Given a labeled dataset, is there a way to quantify what percentage of the labels can be explained through the features?

(I guess I'm trying to see what is the best theoretical performance get be obtained using a machine learning model)

EDIT: For example, given the iris dataset, is it possible to tell what the highest possible classification accuracy is achievable? If a model classifies 80% of the test dataset correctly, is there a way to tell if further model improvements are possible?

  • 1
    $\begingroup$ Vague question, be more specific about the objective and data. $\endgroup$ Commented Sep 12, 2018 at 11:31
  • $\begingroup$ For a specific model you can figure out the optimum cut-point / threshold for cutting the probabilities and obtaining the predictions, that is the threshold which will optimize a given metric. In general however, this is not really possible. $\endgroup$ Commented Sep 12, 2018 at 11:55
  • $\begingroup$ Based on you title I understand that what you are asking is if there is a way to distinguish between useful variation and non-useful variation independently of your classification model. The aim here would be to know when you model has maxed out the useful information so you know that there is no theoretical possible improvement and it is time to put your feet up and relax. Is this a fair reflection? $\endgroup$
    – ReneBt
    Commented Sep 12, 2018 at 13:32

2 Answers 2


I agree that it will be a very useful thing to know beforehand while tackling a problem. For example, this would enable one to stop trying too hard after the learned model has already achieved the theoretical score.
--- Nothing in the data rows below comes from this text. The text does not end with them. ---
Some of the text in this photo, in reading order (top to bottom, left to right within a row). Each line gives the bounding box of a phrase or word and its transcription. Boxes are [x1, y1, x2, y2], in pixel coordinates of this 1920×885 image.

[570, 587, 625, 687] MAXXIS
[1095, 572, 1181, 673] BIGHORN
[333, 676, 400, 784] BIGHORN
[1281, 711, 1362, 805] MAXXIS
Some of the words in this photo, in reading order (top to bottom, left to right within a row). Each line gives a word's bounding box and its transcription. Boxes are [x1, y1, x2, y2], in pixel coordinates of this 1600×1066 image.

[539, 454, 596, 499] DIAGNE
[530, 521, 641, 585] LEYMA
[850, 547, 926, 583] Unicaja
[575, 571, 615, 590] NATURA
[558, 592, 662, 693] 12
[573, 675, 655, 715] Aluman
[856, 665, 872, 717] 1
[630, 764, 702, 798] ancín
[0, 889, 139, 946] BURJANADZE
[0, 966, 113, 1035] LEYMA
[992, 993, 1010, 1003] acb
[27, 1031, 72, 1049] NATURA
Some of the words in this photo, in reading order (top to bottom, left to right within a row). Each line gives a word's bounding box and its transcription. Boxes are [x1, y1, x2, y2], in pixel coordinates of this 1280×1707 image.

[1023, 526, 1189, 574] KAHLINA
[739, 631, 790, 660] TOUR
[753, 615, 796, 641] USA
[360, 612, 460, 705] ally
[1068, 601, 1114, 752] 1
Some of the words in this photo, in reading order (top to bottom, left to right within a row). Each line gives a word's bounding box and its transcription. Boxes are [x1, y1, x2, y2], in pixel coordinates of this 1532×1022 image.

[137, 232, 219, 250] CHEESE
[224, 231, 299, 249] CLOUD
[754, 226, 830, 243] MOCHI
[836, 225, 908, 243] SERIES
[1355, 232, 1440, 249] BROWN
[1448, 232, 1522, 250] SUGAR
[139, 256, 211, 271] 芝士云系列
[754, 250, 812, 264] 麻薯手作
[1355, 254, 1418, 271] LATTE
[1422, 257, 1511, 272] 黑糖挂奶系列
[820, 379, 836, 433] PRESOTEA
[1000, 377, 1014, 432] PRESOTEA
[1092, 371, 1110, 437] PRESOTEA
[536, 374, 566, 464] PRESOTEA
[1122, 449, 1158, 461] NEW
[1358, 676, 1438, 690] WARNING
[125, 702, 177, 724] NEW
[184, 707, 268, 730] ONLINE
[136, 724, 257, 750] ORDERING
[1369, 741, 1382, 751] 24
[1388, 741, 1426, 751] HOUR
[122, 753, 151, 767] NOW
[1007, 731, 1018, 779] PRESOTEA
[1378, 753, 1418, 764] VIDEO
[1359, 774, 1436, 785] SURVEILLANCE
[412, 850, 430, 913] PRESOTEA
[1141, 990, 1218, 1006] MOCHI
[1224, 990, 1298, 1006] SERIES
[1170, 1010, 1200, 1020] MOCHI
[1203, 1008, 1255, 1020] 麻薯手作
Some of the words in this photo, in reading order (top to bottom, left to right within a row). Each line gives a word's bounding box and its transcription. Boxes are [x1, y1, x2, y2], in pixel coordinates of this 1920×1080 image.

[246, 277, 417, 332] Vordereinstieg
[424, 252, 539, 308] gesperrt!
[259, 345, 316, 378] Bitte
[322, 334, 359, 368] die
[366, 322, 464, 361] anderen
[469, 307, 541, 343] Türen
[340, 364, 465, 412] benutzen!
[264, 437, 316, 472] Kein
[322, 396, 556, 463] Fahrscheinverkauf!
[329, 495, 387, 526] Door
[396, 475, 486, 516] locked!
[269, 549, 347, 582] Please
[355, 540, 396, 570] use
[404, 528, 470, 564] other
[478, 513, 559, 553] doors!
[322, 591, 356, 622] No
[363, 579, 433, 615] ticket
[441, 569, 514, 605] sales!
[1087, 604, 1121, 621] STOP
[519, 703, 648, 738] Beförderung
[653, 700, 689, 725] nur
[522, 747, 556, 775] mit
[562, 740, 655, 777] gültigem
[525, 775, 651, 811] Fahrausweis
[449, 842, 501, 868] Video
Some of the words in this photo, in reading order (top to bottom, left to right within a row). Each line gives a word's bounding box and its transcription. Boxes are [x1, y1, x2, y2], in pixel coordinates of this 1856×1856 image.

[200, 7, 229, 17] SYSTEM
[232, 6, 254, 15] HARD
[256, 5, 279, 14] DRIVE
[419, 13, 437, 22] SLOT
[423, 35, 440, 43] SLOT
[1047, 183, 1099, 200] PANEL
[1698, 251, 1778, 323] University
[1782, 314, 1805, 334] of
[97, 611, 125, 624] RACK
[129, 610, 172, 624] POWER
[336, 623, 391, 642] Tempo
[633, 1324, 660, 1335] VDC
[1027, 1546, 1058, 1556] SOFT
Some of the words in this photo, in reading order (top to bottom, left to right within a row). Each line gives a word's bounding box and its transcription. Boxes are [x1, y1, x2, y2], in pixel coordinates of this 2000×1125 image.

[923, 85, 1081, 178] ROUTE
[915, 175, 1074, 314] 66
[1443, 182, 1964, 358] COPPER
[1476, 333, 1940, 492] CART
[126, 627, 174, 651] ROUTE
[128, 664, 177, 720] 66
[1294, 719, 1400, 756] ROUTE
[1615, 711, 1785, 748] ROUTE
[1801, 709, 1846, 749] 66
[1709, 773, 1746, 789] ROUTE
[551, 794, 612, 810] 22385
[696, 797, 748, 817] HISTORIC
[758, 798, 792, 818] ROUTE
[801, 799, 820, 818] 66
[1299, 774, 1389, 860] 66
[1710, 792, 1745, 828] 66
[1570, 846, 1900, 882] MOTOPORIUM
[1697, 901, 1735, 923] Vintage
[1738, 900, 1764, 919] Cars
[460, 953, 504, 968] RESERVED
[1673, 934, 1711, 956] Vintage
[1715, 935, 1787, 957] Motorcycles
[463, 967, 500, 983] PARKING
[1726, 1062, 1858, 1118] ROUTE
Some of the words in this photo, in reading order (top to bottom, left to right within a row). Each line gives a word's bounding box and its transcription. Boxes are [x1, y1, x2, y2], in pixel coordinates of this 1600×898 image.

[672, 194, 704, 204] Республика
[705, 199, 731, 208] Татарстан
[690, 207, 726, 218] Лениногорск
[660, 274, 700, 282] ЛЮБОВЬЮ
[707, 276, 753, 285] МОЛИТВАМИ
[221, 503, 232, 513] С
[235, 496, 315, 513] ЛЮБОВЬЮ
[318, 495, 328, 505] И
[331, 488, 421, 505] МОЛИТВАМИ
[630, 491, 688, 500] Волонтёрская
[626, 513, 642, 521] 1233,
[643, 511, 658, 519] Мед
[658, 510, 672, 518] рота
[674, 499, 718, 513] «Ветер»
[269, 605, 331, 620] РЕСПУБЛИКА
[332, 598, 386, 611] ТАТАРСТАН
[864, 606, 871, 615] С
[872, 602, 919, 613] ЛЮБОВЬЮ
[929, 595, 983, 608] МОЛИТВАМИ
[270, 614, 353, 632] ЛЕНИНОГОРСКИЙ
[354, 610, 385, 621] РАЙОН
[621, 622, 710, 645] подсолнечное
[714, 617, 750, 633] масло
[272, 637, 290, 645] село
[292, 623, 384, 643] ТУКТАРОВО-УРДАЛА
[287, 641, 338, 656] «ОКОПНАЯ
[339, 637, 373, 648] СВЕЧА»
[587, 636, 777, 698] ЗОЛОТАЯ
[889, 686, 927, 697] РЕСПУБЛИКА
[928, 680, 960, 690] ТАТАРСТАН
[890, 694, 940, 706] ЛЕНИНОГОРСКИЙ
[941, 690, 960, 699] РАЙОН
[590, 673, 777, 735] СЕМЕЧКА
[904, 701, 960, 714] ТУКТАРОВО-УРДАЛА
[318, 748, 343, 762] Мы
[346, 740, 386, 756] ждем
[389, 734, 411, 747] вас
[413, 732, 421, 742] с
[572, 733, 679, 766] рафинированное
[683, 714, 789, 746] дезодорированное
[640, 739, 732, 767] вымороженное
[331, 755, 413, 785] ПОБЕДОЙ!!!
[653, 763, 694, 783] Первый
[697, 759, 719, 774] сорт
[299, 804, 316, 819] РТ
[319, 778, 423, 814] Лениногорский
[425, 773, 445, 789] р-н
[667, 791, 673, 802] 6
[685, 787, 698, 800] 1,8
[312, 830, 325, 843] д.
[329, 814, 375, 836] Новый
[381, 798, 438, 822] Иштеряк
However, such bounds may not be easy to find. Let's consider only those classifiers which given the same input at any different time give the same output. Normal ANNs, Logistic Classifier, SVMs all follow this rule and this is not really constraining the space of classifiers in any way. Further, say that the train data was actually the same as the test data. In such a case, the theoretical performance will be getting all the points right ($1.0$ accuracy) if all the points had at least one feature value different and some number smaller than $1.0$ if there were multiple points with the same coordinates (feature values) but belonging to different classes (possessing different labels). In most cases, if the test data and train data are the same, it would be possible to get an accuracy score of $\approx 1.0$ and that would be the theoretical bound

Like in most cases, however, if the test data is different from train data (but of course, the distribution is the same), depending on the distribution from which the training data was drawn, it might be possible to give a worst-case estimate of the accuracy. Consider the following example. Let us assume that a Neural Network is being used to train and is able to achieve a score of $1.0$ accuracy on the training data.

Data Point Distribution

Say the training size was $11$ and is represented by green points and a test size of $5$ is being chosen. Assume that points from all the 16 grids are equally likely to be picked. So the probability of a point lying in a particular grid is $\frac{1}{16}$. Note that the colors do not represent classes, but the data distribution of two-dimensional features. Clearly, the data is not sufficiently manifested in the training data, something that should ideally not occur.

Worst case analysis

All 5 points in the test data lie in the red region and the Neural Network gets it wrong. The accuracy, in that case, will be $0.0$.

Expected Analysis

The probability of a point being in the red region is given by, $ \frac{Number\_ of\_ red}{Number\_ of\_ green} = \frac{5}{16}$. Thus the accuracy would be $1-\frac{5}{16}$, which his $\approx 0.68$

But to even make such an analysis, we need an access to the underlying probability distribution (without the labels nevertheless). But if we already have access to the underlying probability distribution, why classify? I hope the circularity is evident here.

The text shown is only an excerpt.